Subjetividade na veia. Assim: tenho um juízo conclusivo; na sequência, procuro
um modo de justificar aquilo que já sei (e que quero que aconteça). Às peças,
aplica-se a minha aporia da “travessia da ponte”, que está em Verdade e
Consenso: "Como é possível atravessar o abismo gnosiológico do
conhecimento, chegar ao outro lado, para depois retornar e edificar a ponte...
pela qual já passei?"
E
já que os promotores citaram Nietzsche, trago à baila outra frase do filósofo:
"Fatos não existem; só existem interpretações". Bingo. Para ele, tudo
é interpretação. Niilismo. Têm razão, pois, os promotores, paradoxalmente,
porque fatos (que fundamentem a prisão preventiva) não há; só há, mesmo, a
interpretação (deles).
Peço
desculpas pelas ironias, mas não posso deixar de me espantar. Talvez a ironia
seja o melhor modo de criticar o pedido de preventiva (deixo a discussão da
denúncia para outro artigo). Vinte e oito anos de Ministério Público me fizeram
ver muita coisa. Inclusive a luta na constituinte para que o MP tivesse as
garantias da magistratura. Porém, será que as conquistas foram postas na
Constituição para que (alguns de) seus membros agissem sem responsabilidade
política? Sem accountability? Basta pedir? Assim? E na moringa não vai água?
Supondo
que o pedido de preventiva dos promotores vingue, cabe a pergunta: que fizemos
com os requisitos do artigo 312 do CPP? Deixando Lula de lado, como explicar o
pedido de prisão de dona Marisa? Como agiremos no dia seguinte? Direito não
pode ser produto de desejos, paixões e ideologias. Mas não pode mesmo.
Os
promotores dizem que todos são iguais perante a lei. De fato. Assim deve ser.

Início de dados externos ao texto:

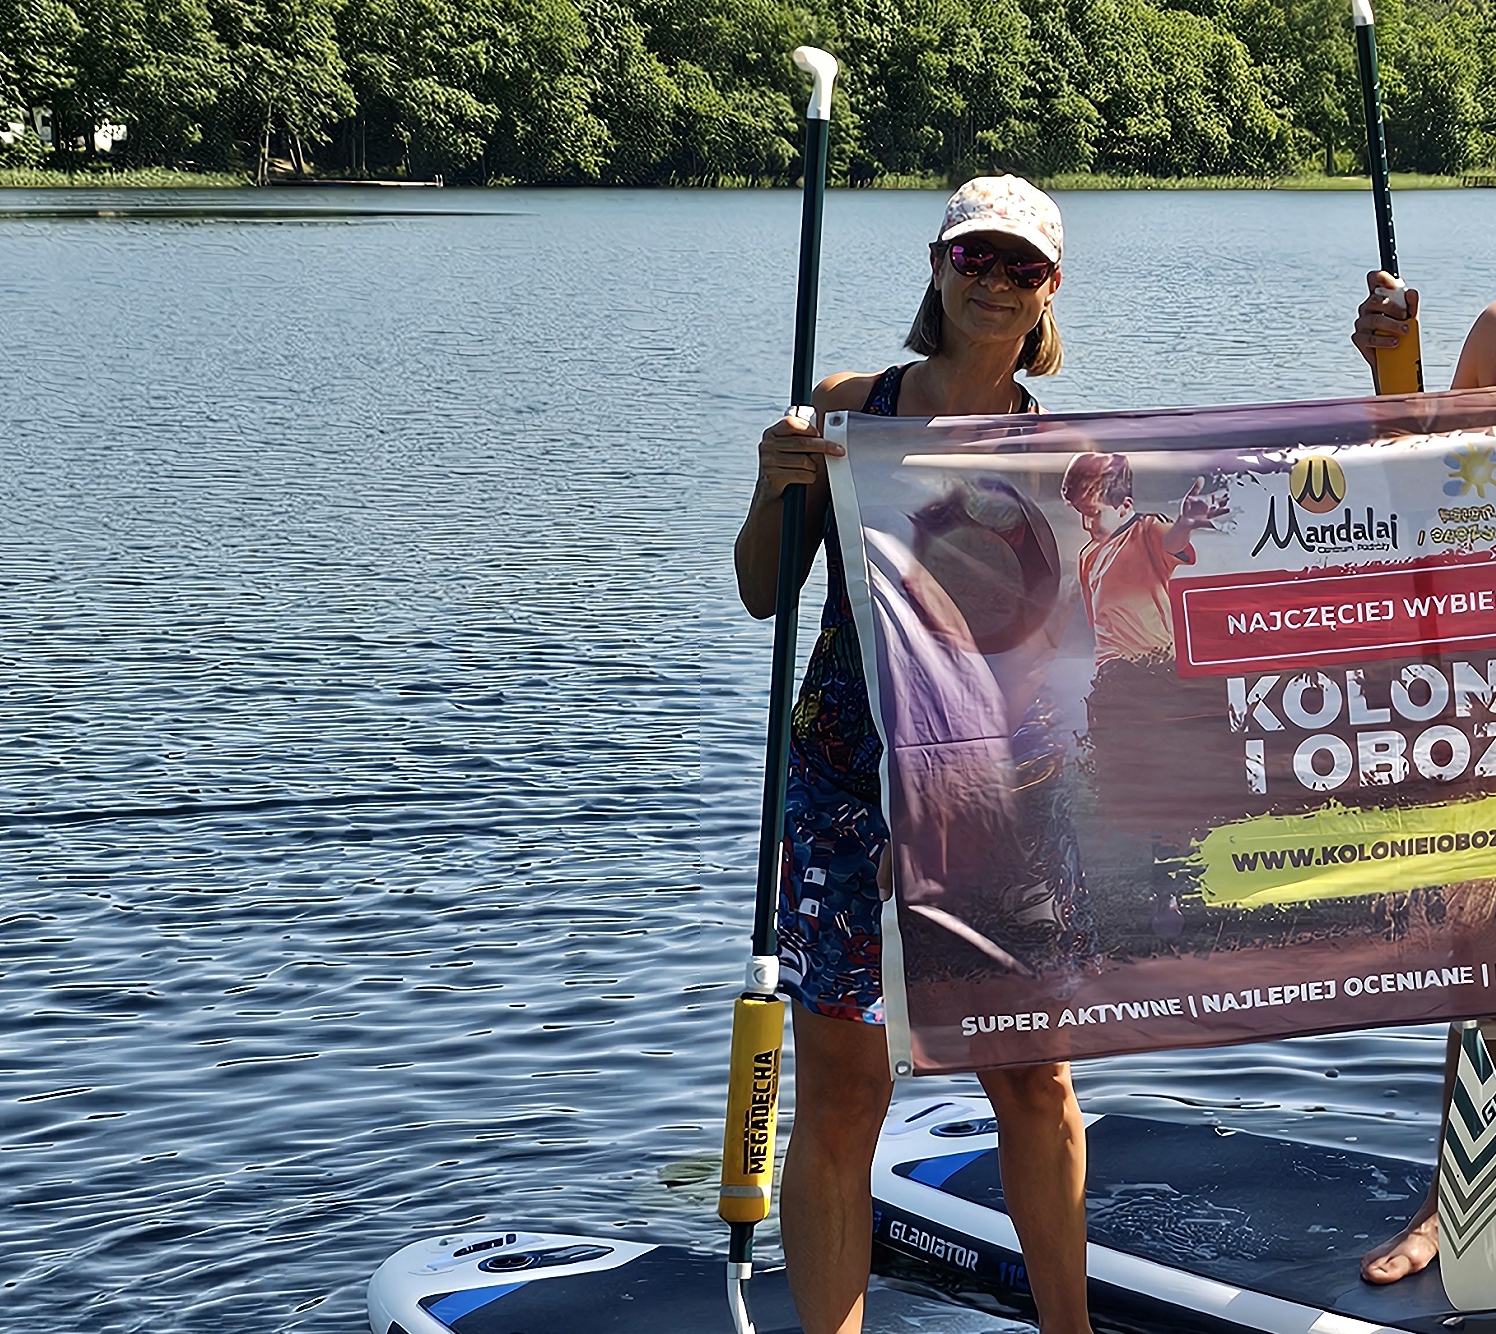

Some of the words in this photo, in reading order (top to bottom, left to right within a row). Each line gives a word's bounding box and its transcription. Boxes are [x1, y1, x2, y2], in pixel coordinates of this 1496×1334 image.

[1251, 495, 1398, 556] Mandalaj
[1227, 599, 1395, 637] NAJCZĘCIEJ
[1245, 738, 1268, 795] I
[961, 1011, 1050, 1038] SUPER
[1056, 998, 1185, 1029] AKTYWNE
[1202, 980, 1337, 1014] NAJLEPIEJ
[1343, 966, 1475, 998] OCENIANE
[747, 1049, 774, 1175] MEGADECHA

No entanto, se isso é assim, a partir desse “precedente”, o MP-SP deverá pedir
a prisão preventiva de toda e qualquer pessoa envolvida em delitos como os
apontados na denúncia. Teríamos voltado aos tempos anteriores à Lei Fleury? Nem
naquela época a prisão preventiva era manejada desse modo. Quer dizer que o
ex-presidente e sua família devem ser presos porque ele (e o resto da família?)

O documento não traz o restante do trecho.